● Task:
Where an entry holds an image, leave the image out; otherwise reproduce the entry exactly.

Records drawn from a dataset
************

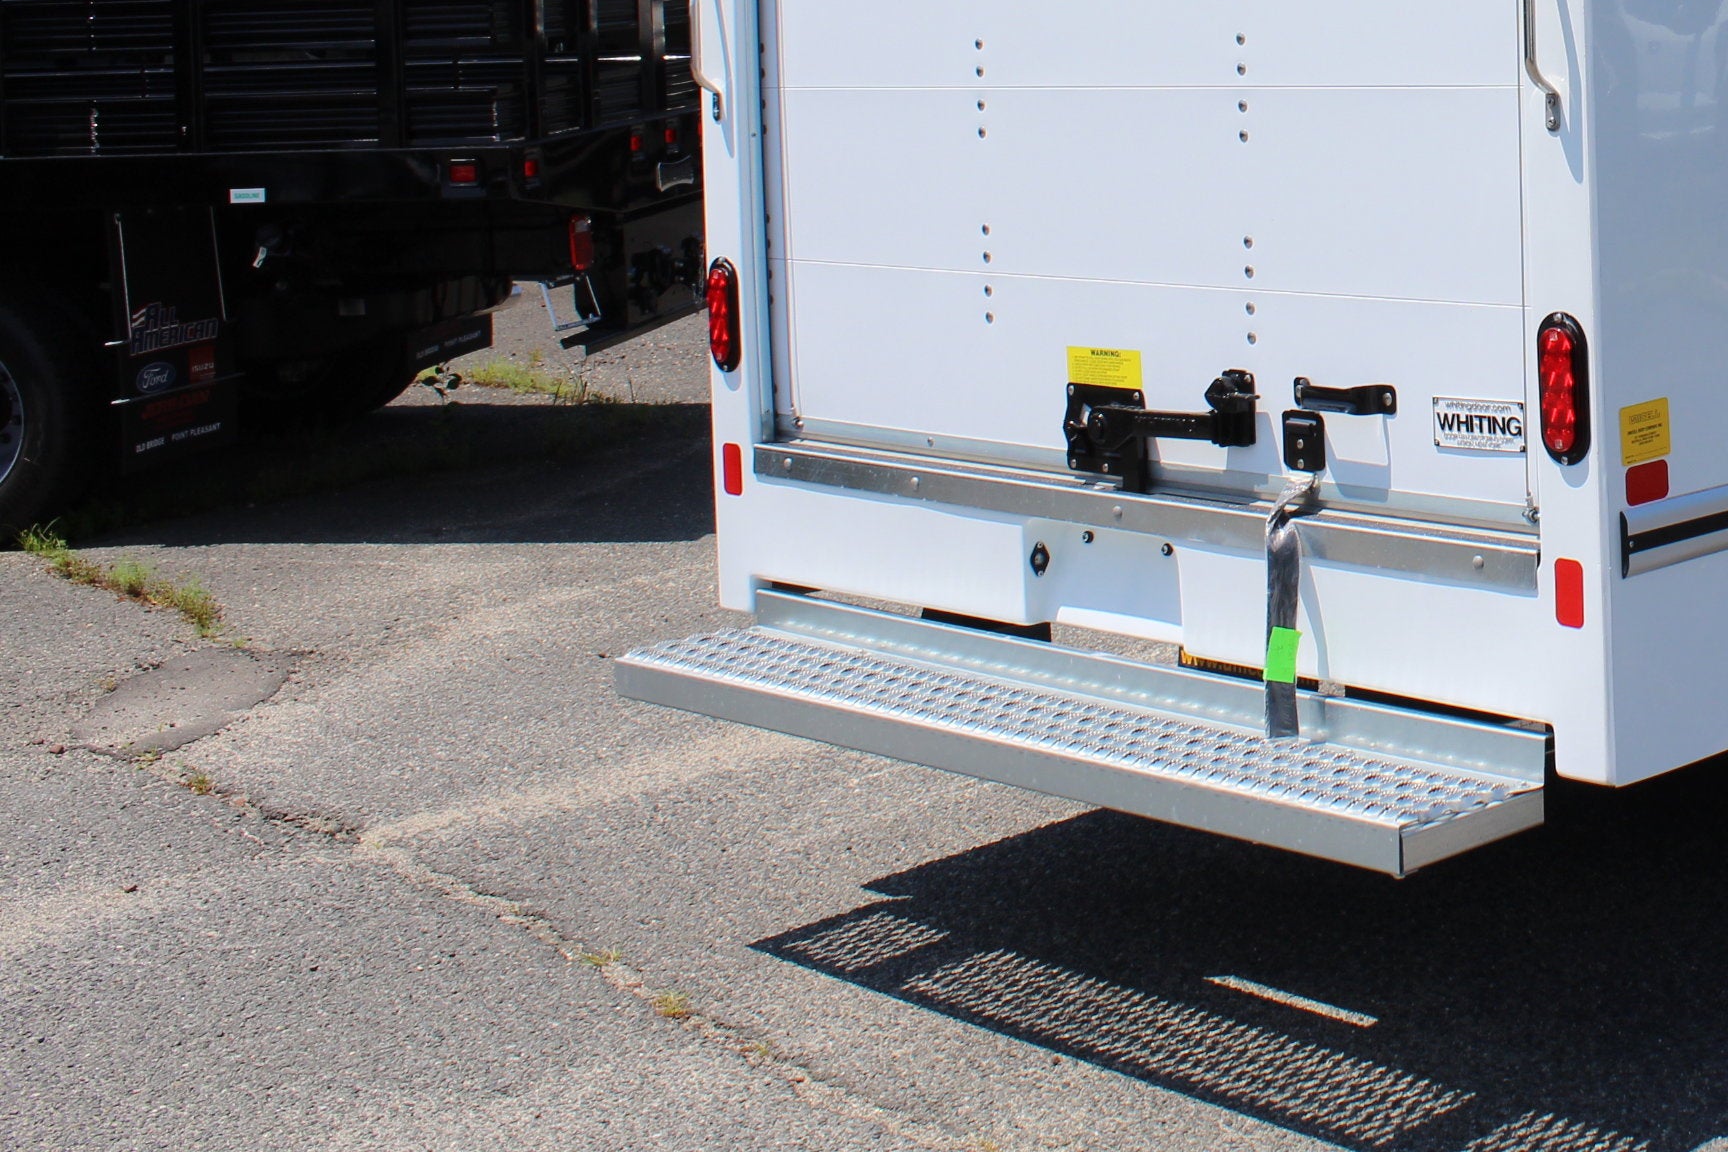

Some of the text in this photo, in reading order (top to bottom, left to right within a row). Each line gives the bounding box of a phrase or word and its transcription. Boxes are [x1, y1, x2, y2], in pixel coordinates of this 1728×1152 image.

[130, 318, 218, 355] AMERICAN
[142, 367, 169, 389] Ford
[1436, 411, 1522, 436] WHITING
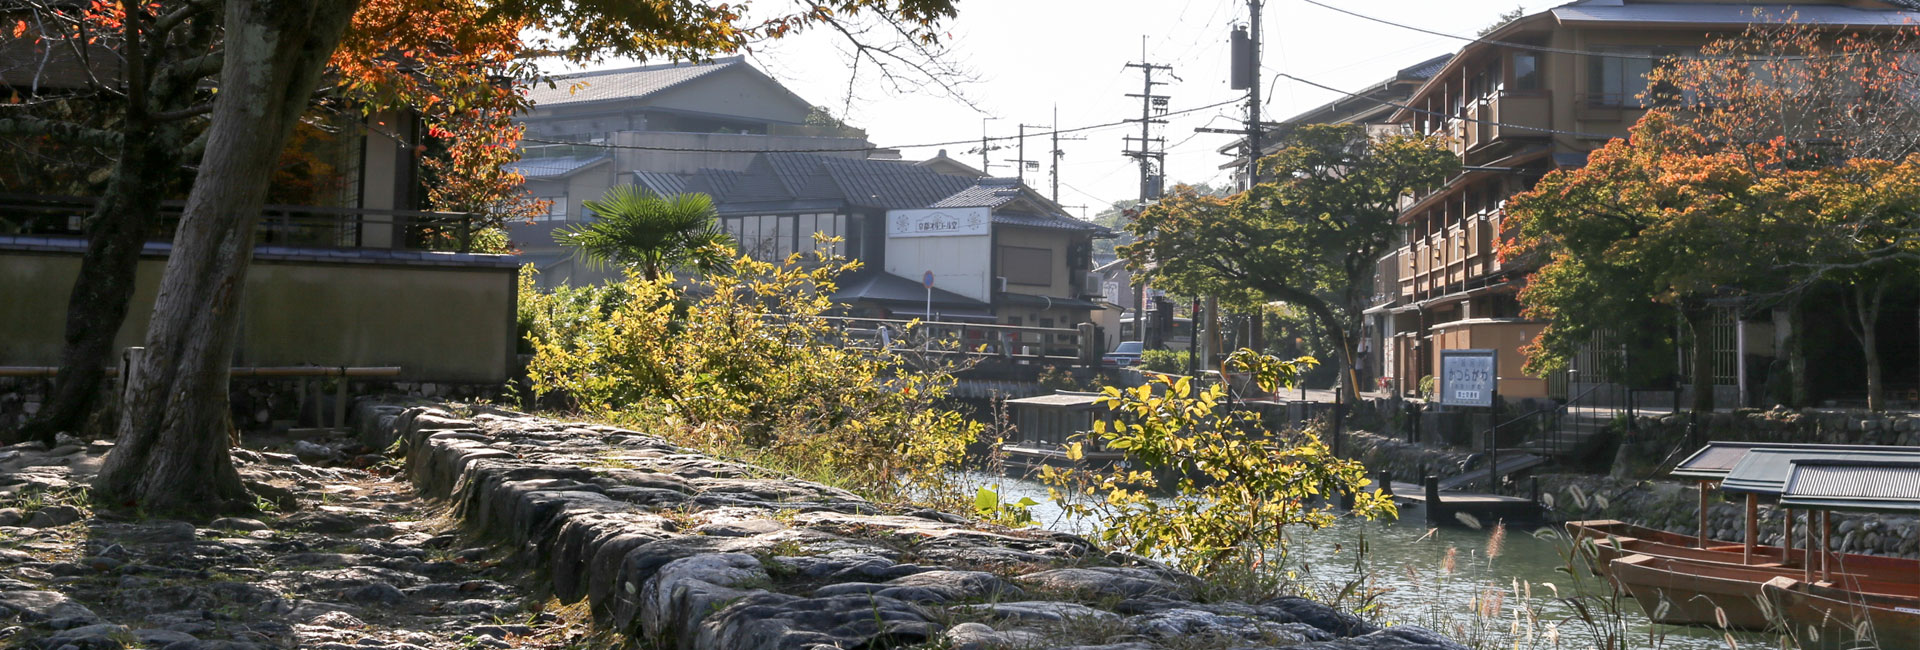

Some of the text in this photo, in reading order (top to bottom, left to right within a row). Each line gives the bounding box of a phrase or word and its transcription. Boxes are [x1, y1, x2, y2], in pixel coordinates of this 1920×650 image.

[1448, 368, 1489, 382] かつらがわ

************

● Your solution:
Some of the text in this photo, in reading order (top to bottom, left to right within a row). Each line gives the bounding box of a phrase or word and its transcription. Boxes are [x1, y1, x2, y2], in pixel coordinates of this 1728×1152 image.

[130, 318, 218, 355] AMERICAN
[142, 367, 169, 389] Ford
[1436, 411, 1522, 436] WHITING

Some of the text in this photo, in reading order (top to bottom, left to right within a row). Each line gives the bounding box of a phrase or word and its transcription. Boxes are [x1, y1, x2, y2], in pixel coordinates of this 1920×650 image.

[1448, 368, 1489, 382] かつらがわ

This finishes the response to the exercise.